_WHAT YOU NEED TO DO_
Every entry below needs to be copied exactly.

_SUPPLIED DATA_
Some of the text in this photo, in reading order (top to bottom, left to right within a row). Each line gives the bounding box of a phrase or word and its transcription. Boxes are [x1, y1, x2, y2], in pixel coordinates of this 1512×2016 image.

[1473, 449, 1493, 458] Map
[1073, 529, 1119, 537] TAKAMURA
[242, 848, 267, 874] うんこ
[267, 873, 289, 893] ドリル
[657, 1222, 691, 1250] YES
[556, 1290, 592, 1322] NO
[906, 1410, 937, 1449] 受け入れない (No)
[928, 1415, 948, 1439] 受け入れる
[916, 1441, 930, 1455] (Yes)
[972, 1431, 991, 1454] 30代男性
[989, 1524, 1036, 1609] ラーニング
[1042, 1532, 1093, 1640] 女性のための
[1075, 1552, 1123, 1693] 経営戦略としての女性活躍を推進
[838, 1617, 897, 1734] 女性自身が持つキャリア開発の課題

_TASK OUTPUT_
Some of the text in this photo, in reading order (top to bottom, left to right within a row). Each line gives the bounding box of a phrase or word and its transcription. Boxes are [x1, y1, x2, y2], in pixel coordinates of this 1512×2016 image.

[1473, 449, 1493, 458] Map
[1073, 529, 1119, 537] TAKAMURA
[242, 848, 267, 874] うんこ
[267, 873, 289, 893] ドリル
[657, 1222, 691, 1250] YES
[556, 1290, 592, 1322] NO
[906, 1410, 937, 1449] 受け入れない (No)
[928, 1415, 948, 1439] 受け入れる
[916, 1441, 930, 1455] (Yes)
[972, 1431, 991, 1454] 30代男性
[989, 1524, 1036, 1609] ラーニング
[1042, 1532, 1093, 1640] 女性のための
[1075, 1552, 1123, 1693] 経営戦略としての女性活躍を推進
[838, 1617, 897, 1734] 女性自身が持つキャリア開発の課題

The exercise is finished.